Josh Childress told our Sekou Smith that he is going back to Greece for another season. Why? Because, “I still have l some unfinished business to tend to.”
Granted, I’m not an expert on Greece basketball. But I’m pretty sure this is the first time anybody has ever said they had unfinished business with Olympiakos.
It’s clear Childress doesn’t want to play for the Hawks anymore. Now I’m starting to wonder how much he even cares about playing in the NBA.
Look, I have nothing against the man making money. Childress signed a sweet deal last year with Olympiakos: $20 million over three seasons. He could play a short season, live like royalty and be a centerpiece — none of which was the case with the Hawks. So even if his decision to go to Greece was partly fueled by emotion and ego — and it was — it was not the wrong decision.
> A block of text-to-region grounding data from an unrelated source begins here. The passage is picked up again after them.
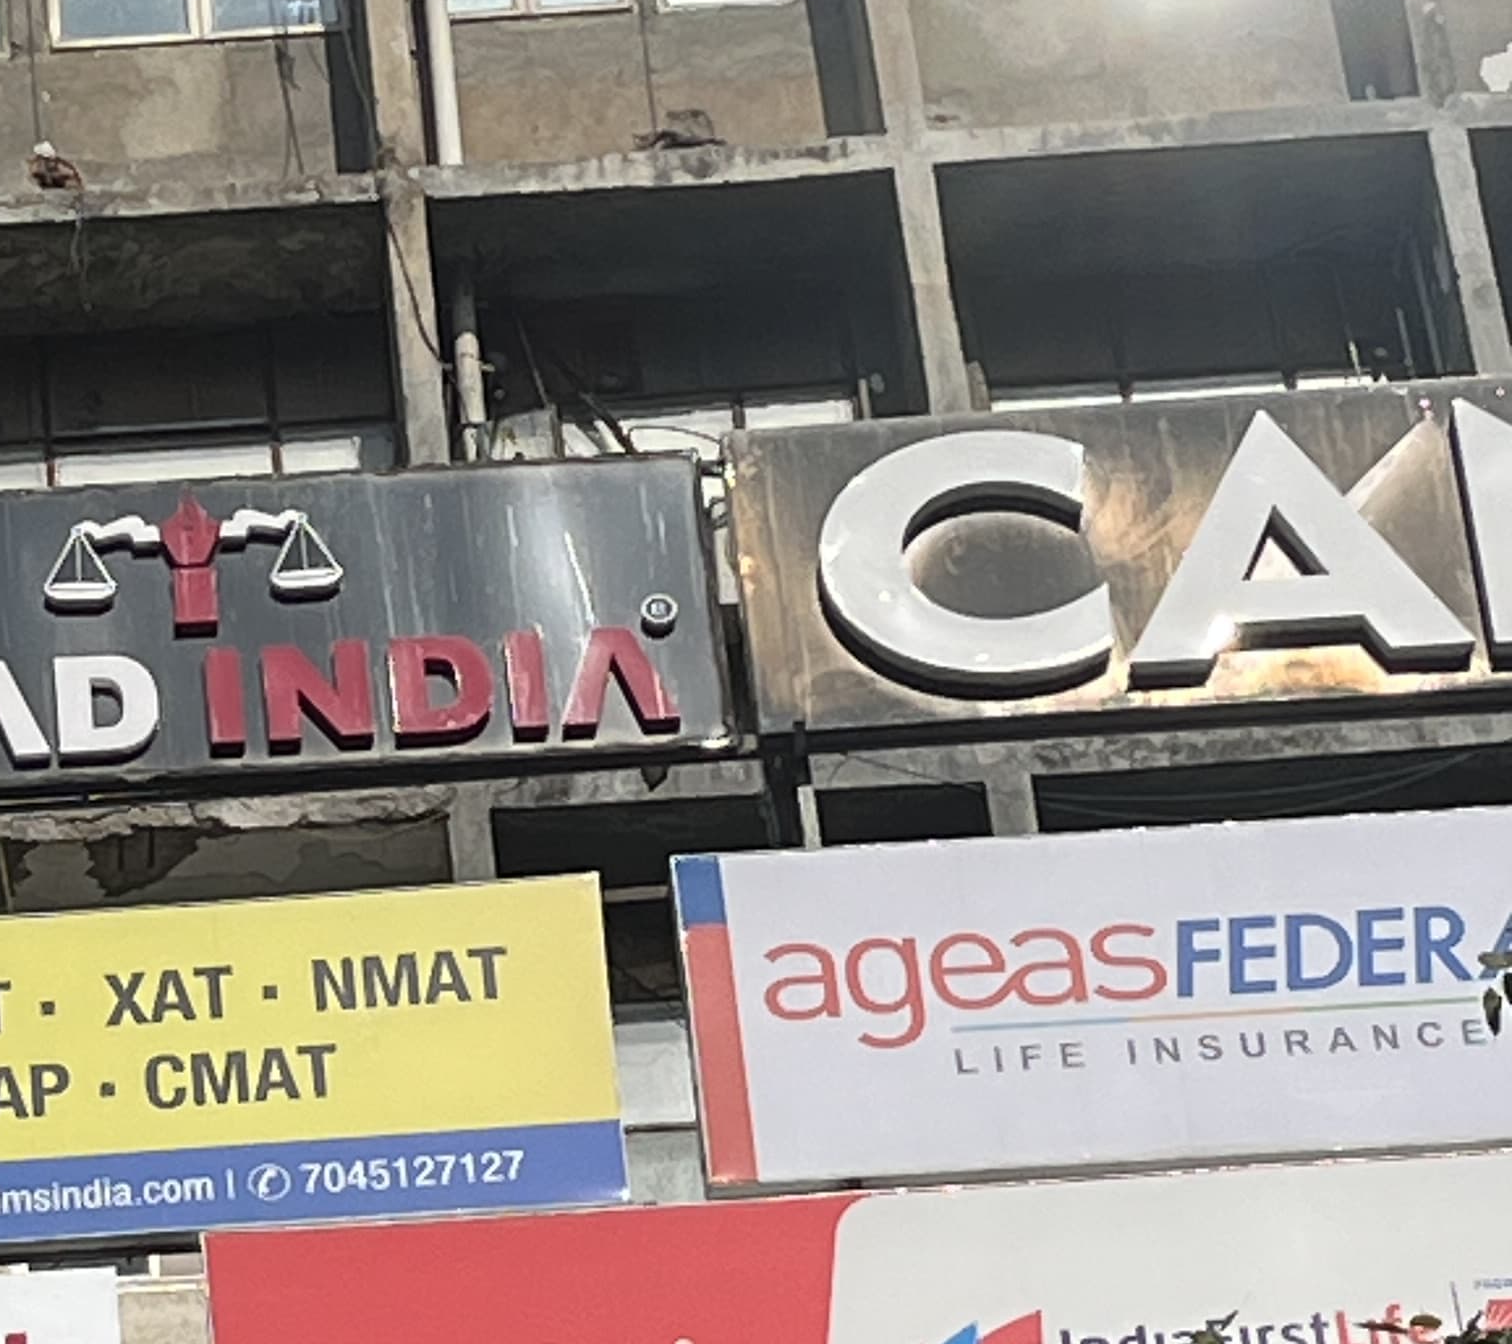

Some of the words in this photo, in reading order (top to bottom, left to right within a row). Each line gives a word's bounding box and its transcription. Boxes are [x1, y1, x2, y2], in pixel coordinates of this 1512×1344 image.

[819, 398, 1512, 699] CA
[204, 626, 681, 756] INDIA
[104, 965, 233, 1027] XAT
[312, 945, 508, 1012] NMAT
[145, 1043, 338, 1109] CMAT
[955, 1041, 1088, 1075] LIFE
[1127, 1019, 1487, 1065] INSURANCE
[300, 1149, 525, 1196] 7045127127
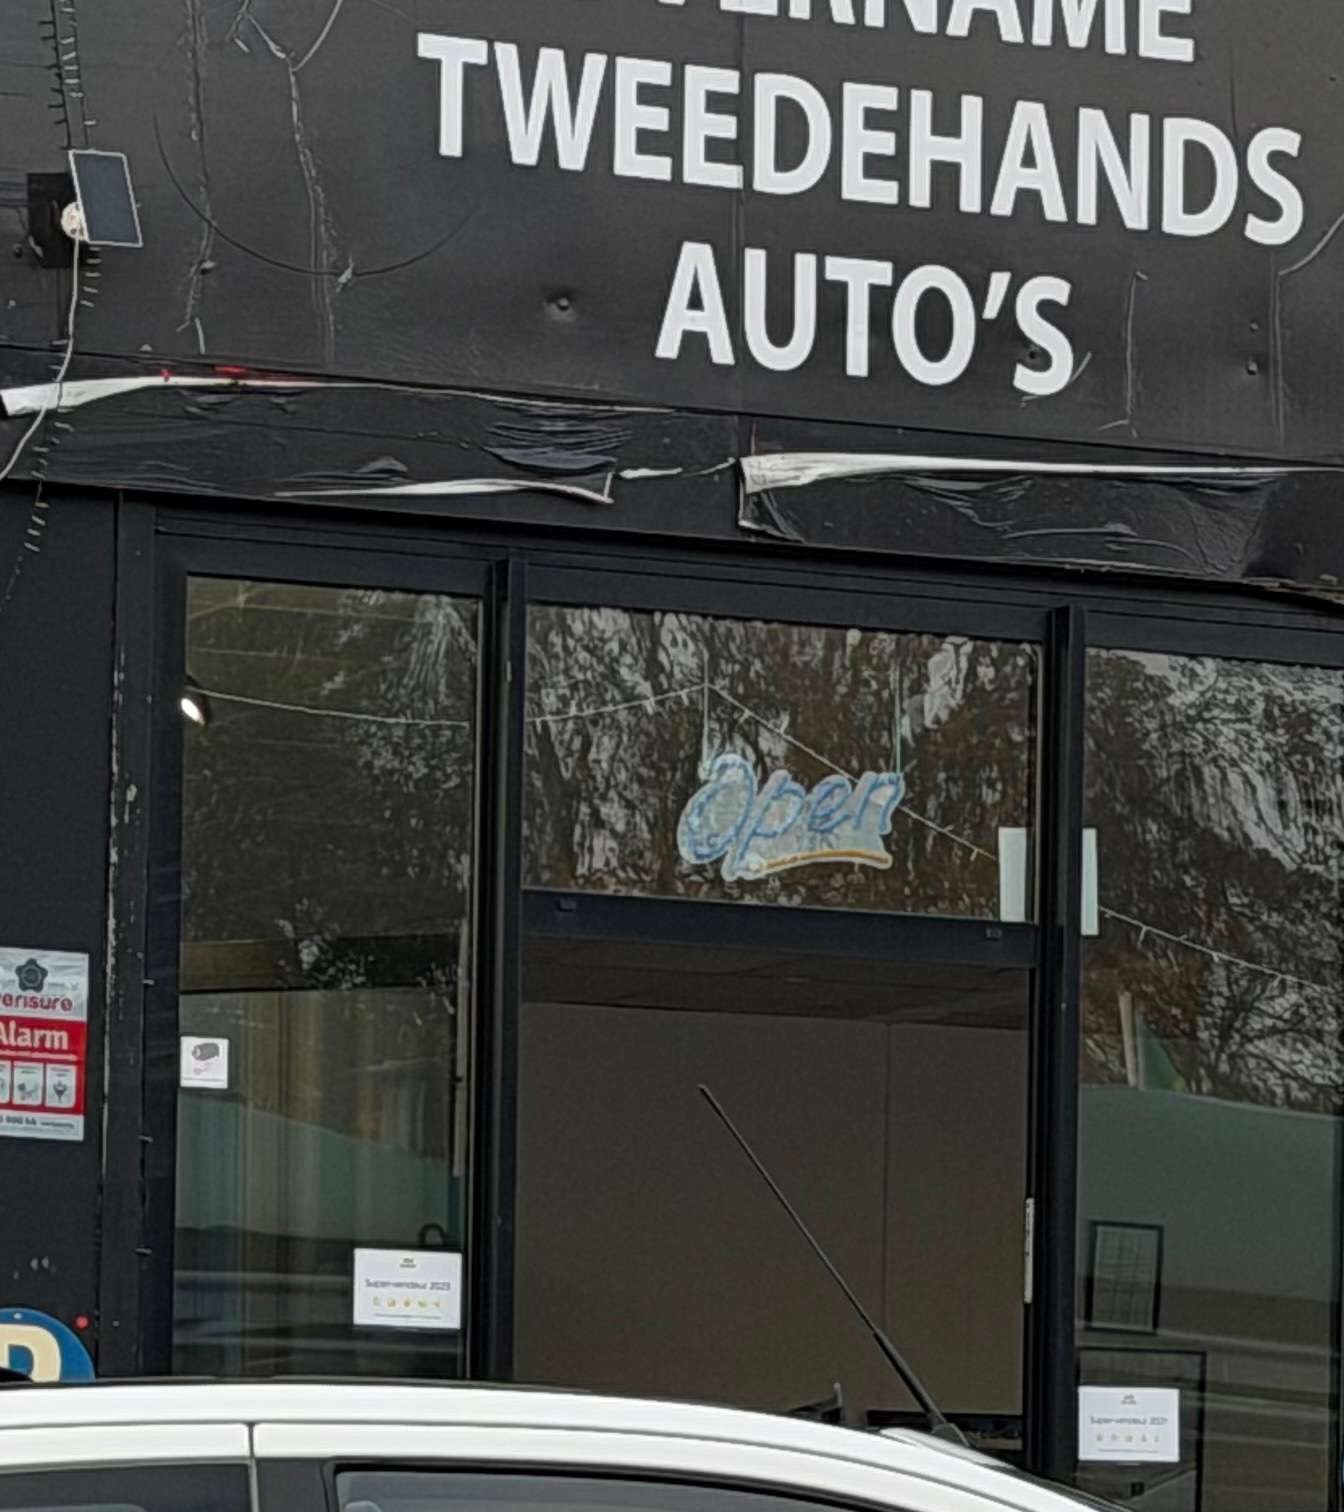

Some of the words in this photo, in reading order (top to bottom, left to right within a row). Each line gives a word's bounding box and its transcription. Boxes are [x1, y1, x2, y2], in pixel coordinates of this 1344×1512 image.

[417, 33, 1304, 246] TWEEDEHANDS
[654, 240, 1073, 395] AUTO'S
[683, 757, 902, 875] Open
But staying there a second year?
Childress had a chance to exercise an out-clause in his contract. He didn’t do it. There’s only three possible reasons: 1) The money he could’ve made in the NBA next season wasn’t nearly to his liking; 2) Hawks general manager Rick Sund didn’t like the sign-and-trade offers he received from other teams; 3) Both.
(I phoned Sund this morning. He said he had “no comment at this time,” on Childress’s decision and hadn’t heard anything official.)
The economic downtown has had a significant effect in the NBA. Teams are getting tougher about sticking to payroll budgets. Owners are telling general managers to stay near or below the salary cap, in hopes of paying little or no luxury tax. Because of that, Childress was likely to make less money returning to the league this year than he would’ve made a year ago. That also could have had a ripple effect on the trade market for the Hawks with Childress. In fact, it probably did.
I get all that.
But at some point, passion and desire to compete against the best should take over with a pro athlete. In a Childress’s case, that means playing games against the Lakers, Celtics and Cavaliers — not Panathinaikos, Panellinios and Panionios.
If the economy improves, there could be an increased trade and salary market for Childress next season. Or, maybe he’ll change his mind about playing for the Hawks.
But after two seasons in Greece, teams should start to wonder about his motivation.